Many of these steps likely go together with larger sustainability initiatives. As a result, storage administrators need to work closely with IT personnel and others who tackle sustainability.

Challenges to achieving sustainable storage

One of the biggest challenges is a lack of commitment from upper management. Mixed messages and conflicting demands leave IT uncertain about how to proceed. If management gets locked into short-term thinking, it can be difficult for IT teams to get the consensus they need to make a sustainability effort work.

The lack of unified leadership also makes it more likely that the organization will start down a sustainability path and then get turned back as soon as it runs into any bumps in the road. Without effective leadership and a clearly stated policy -- and the resources to back it up -- IT teams will have a difficult time reaching their sustainable data storage goals.

Even if leadership is committed to sustainability, it's easy to get sidetracked by changing business requirements or unexpected crises.
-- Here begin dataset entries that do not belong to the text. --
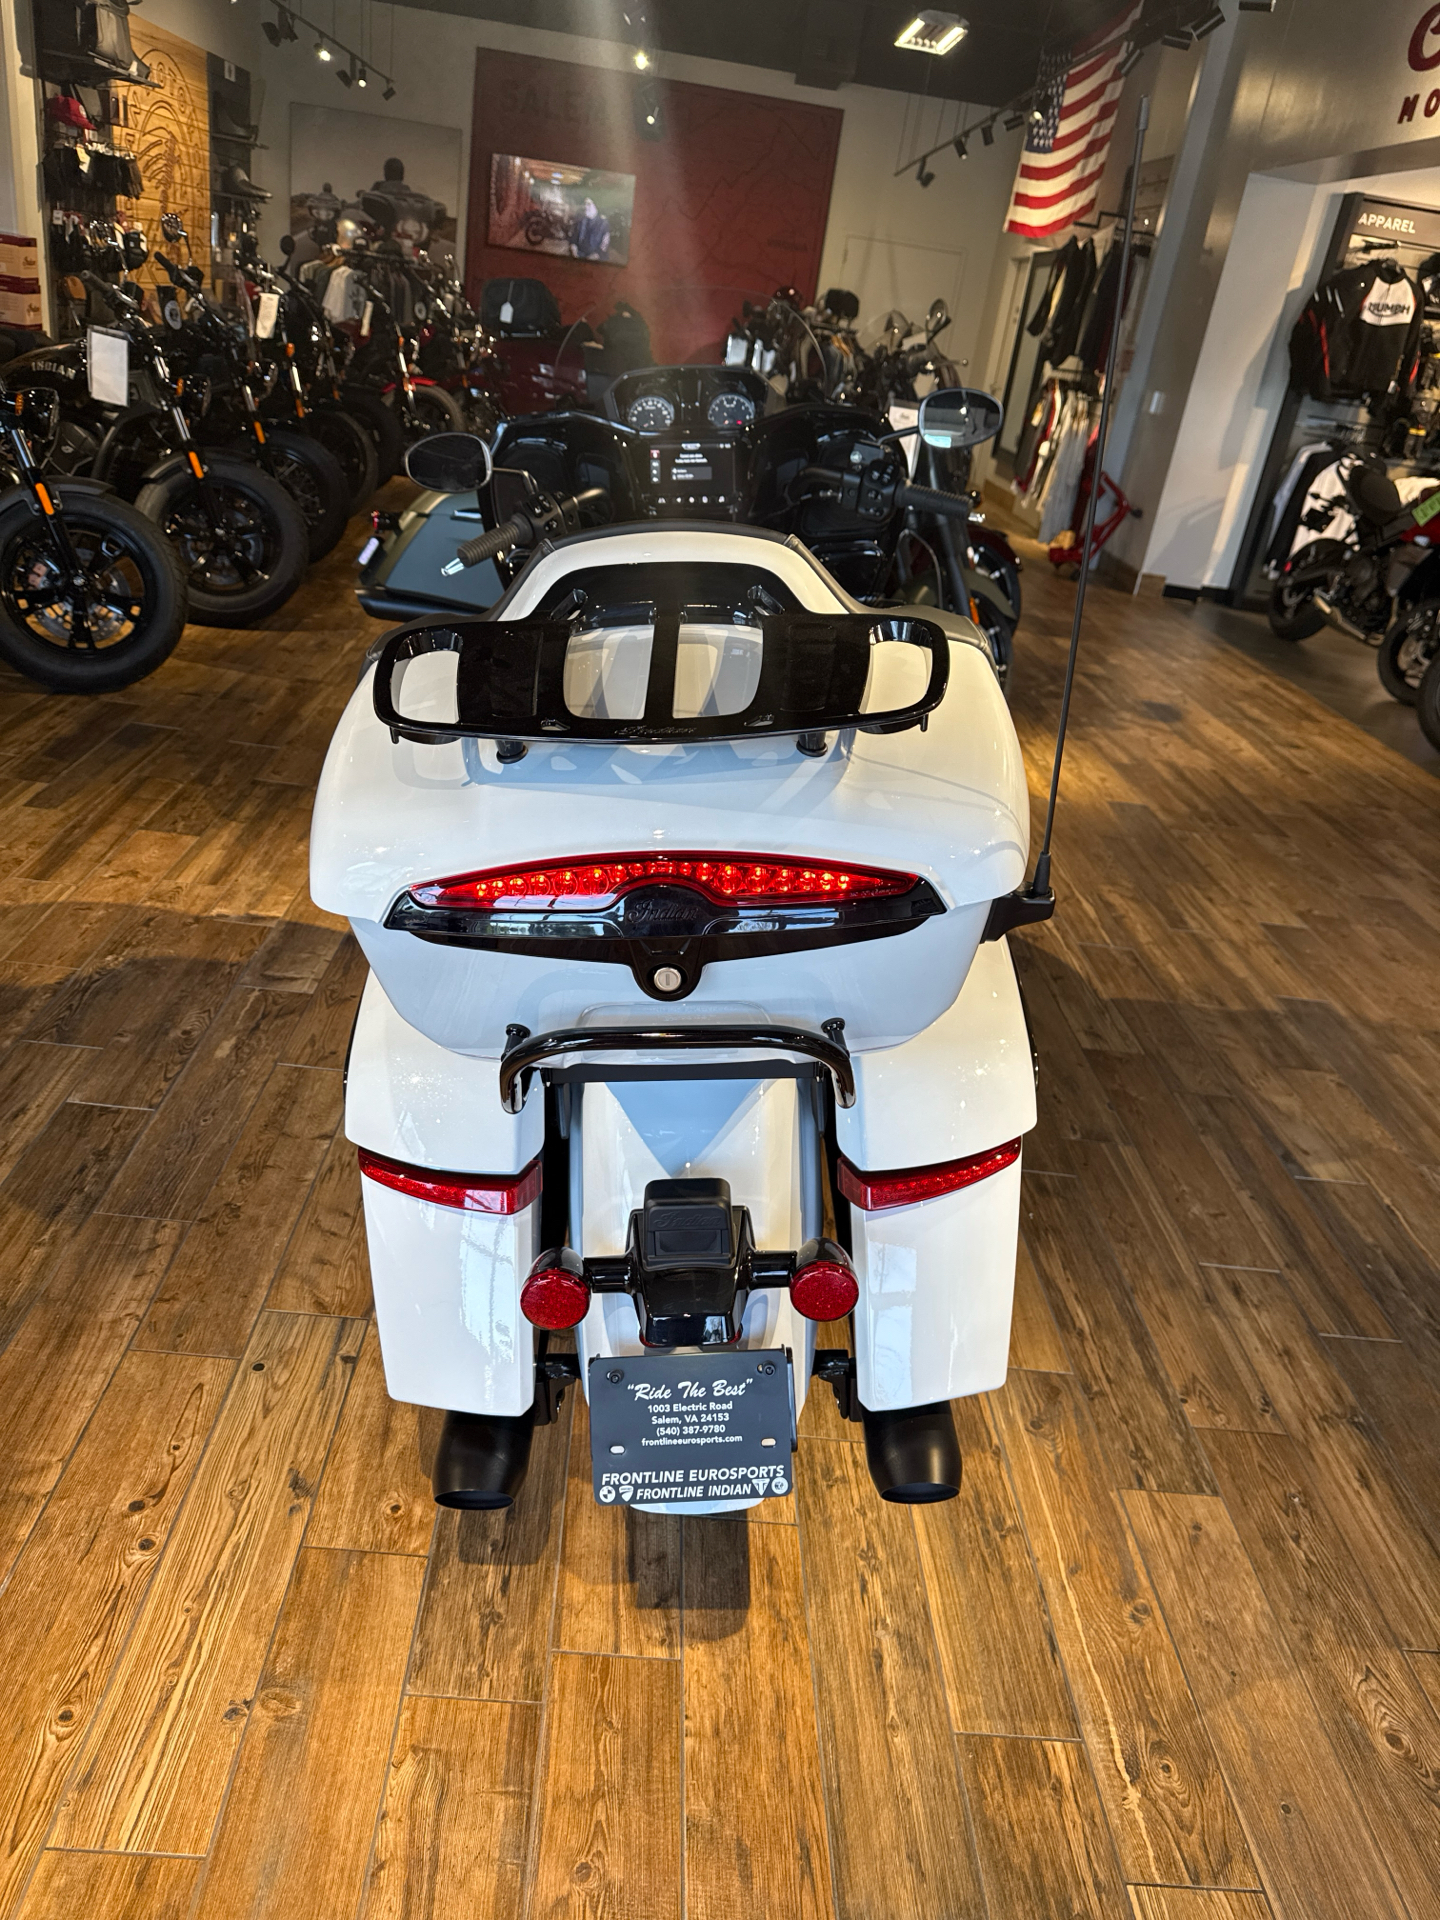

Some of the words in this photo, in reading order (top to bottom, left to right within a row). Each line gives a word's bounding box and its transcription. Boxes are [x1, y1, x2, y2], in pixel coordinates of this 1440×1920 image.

[1358, 212, 1416, 234] APPAREL
[30, 360, 77, 380] INDIAN
[628, 898, 699, 924] Indian
[653, 1211, 722, 1228] Indian
[677, 1381, 707, 1399] The
[648, 1404, 671, 1413] 1003
[673, 1403, 707, 1412] Electric
[709, 1401, 733, 1410] Road
[651, 1415, 682, 1425] Salem,
[684, 1414, 699, 1423] VA
[700, 1413, 730, 1422] 24153
[656, 1426, 680, 1437] (540)
[682, 1424, 726, 1434] 387-9780
[641, 1435, 743, 1447] frontlineeurosports.com
[602, 1470, 685, 1486] FRONTLINE
[689, 1465, 785, 1482] EUROSPORTS
[636, 1486, 704, 1500] FRONTLINE
[708, 1483, 752, 1497] INDIAN
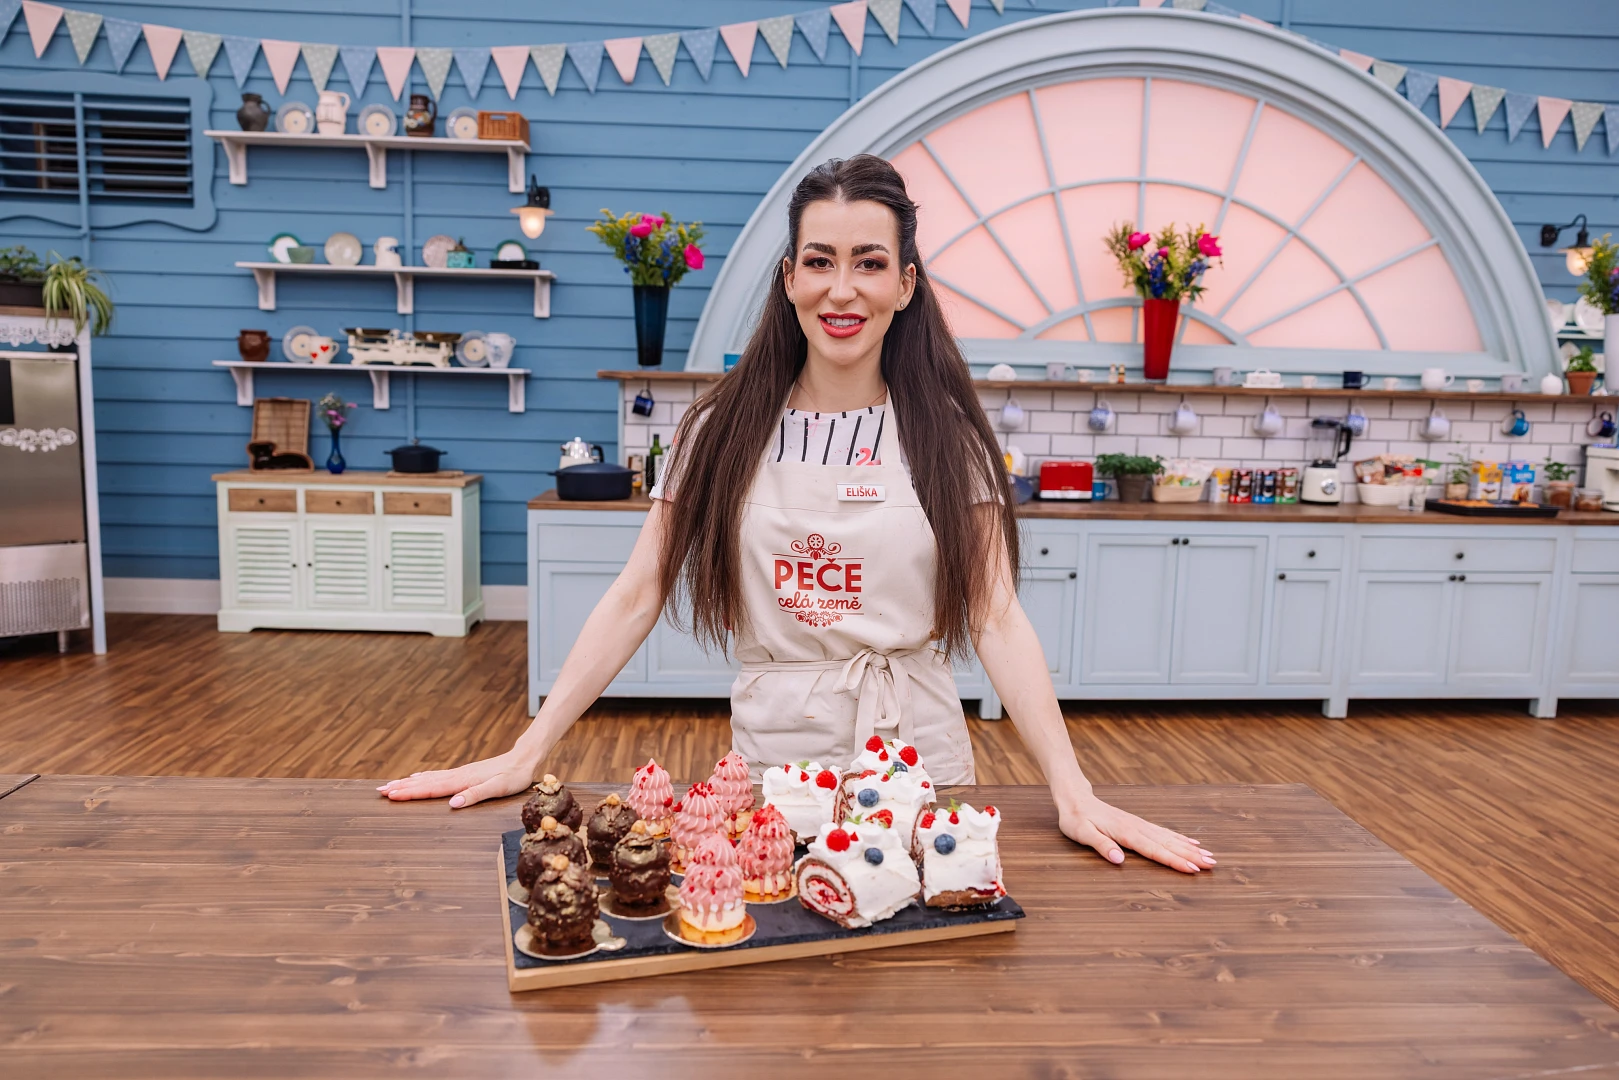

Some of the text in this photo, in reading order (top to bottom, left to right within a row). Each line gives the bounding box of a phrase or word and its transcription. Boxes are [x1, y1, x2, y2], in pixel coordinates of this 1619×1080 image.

[846, 486, 878, 497] ELIŠKA
[775, 558, 862, 593] PEČE
[778, 591, 862, 610] celá země
A ransomware attack, for example, or unexpected slump in business can quickly cause upper management to reassess and reprioritize their goals. The organization might also lose its sense of commitment if suddenly faced with unexpected costs.

Organizations that want more sustainable data storage must be aware that there are costs involved and that transitioning to new systems and operations can be difficult. With careful planning, however, they can sidestep some of the pain points or at least soften their blow. Sustainability is the way of the future, and organizations that fail to move in this direction are putting their futures at risk.